Data for the task —
##########
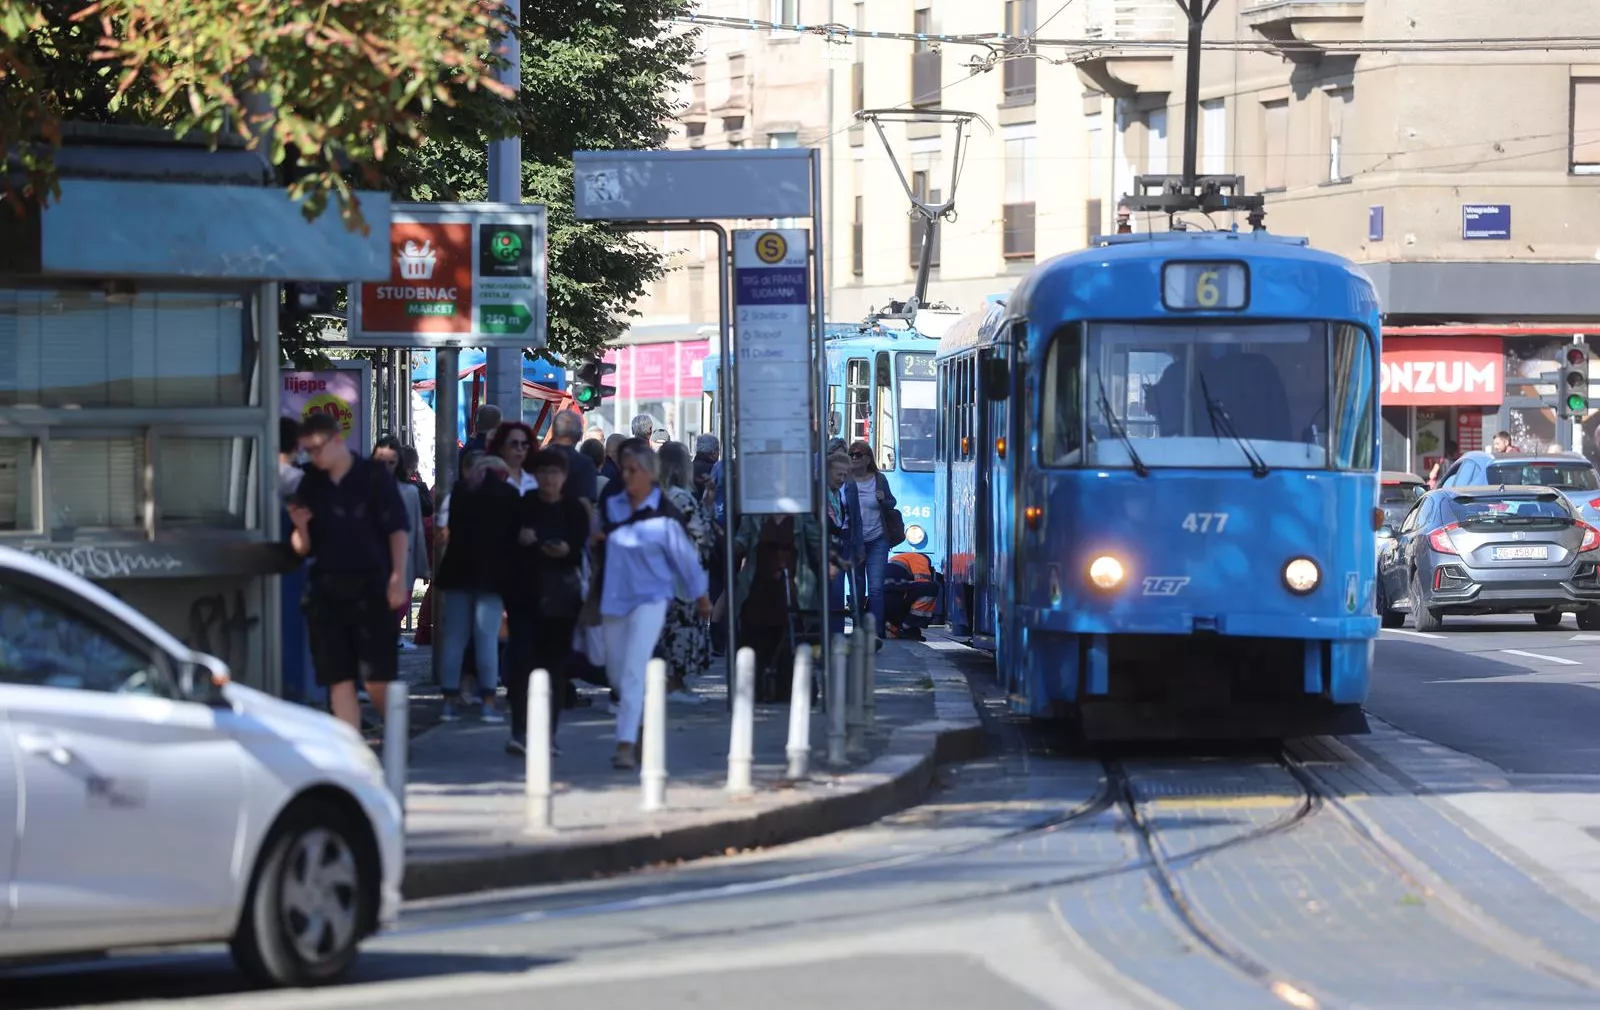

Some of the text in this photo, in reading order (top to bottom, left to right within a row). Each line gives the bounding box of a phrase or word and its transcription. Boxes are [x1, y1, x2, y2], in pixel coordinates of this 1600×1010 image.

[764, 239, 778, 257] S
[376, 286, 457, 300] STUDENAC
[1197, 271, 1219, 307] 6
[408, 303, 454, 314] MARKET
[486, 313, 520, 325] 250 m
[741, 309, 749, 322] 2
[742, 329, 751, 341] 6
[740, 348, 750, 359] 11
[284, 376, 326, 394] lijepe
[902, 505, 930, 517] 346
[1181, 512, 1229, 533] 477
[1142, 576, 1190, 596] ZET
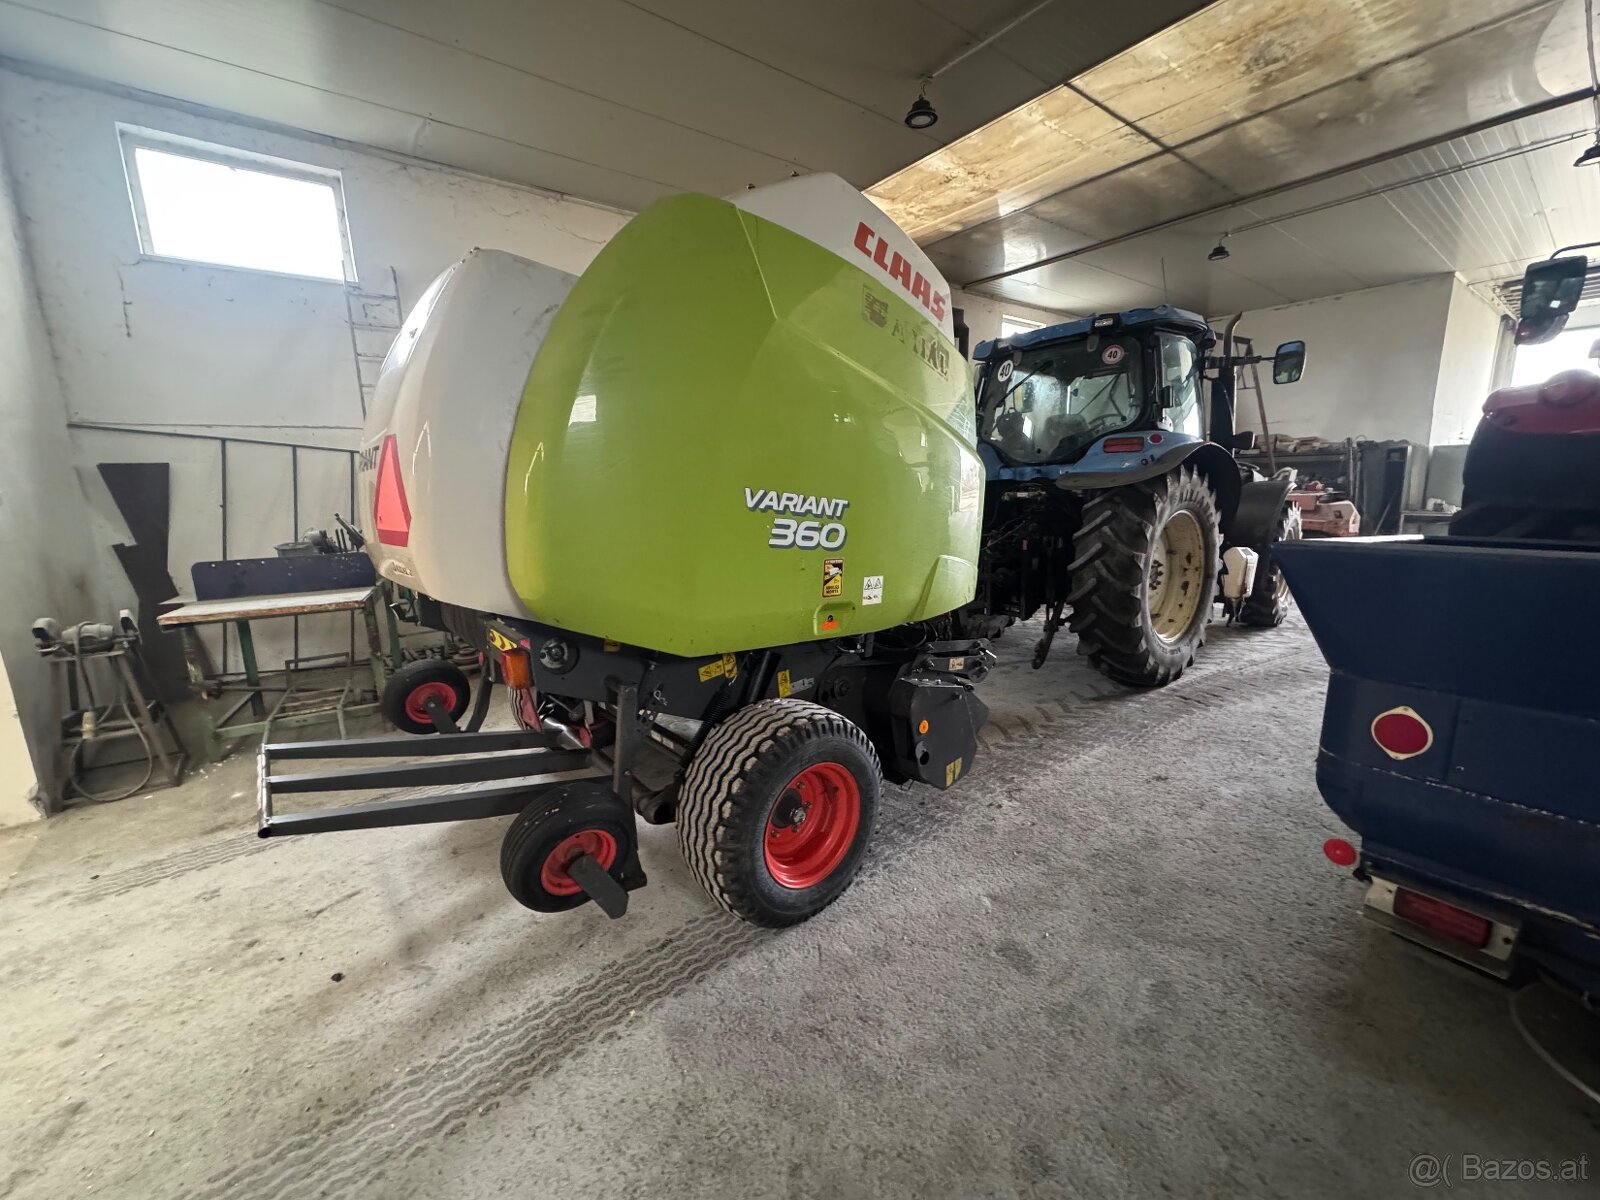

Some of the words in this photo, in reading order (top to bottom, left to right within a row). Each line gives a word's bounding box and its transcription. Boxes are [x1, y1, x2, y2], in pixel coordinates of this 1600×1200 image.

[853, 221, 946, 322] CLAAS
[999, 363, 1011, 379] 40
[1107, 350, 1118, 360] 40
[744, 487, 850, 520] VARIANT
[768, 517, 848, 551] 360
##########
Task to carry out — Output the entries above exactly, without their pictures.

Task answer —
Some of the text in this photo, in reading order (top to bottom, left to right within a row). Each line gives the bounding box of a phrase or word and its transcription. Boxes are [x1, y1, x2, y2], in pixel coordinates of this 1600×1010 image.

[764, 239, 778, 257] S
[376, 286, 457, 300] STUDENAC
[1197, 271, 1219, 307] 6
[408, 303, 454, 314] MARKET
[486, 313, 520, 325] 250 m
[741, 309, 749, 322] 2
[742, 329, 751, 341] 6
[740, 348, 750, 359] 11
[284, 376, 326, 394] lijepe
[902, 505, 930, 517] 346
[1181, 512, 1229, 533] 477
[1142, 576, 1190, 596] ZET

Some of the words in this photo, in reading order (top to bottom, left to right within a row). Each line gives a word's bounding box and its transcription. Boxes are [x1, y1, x2, y2], in pixel coordinates of this 1600×1200 image.

[853, 221, 946, 322] CLAAS
[999, 363, 1011, 379] 40
[1107, 350, 1118, 360] 40
[744, 487, 850, 520] VARIANT
[768, 517, 848, 551] 360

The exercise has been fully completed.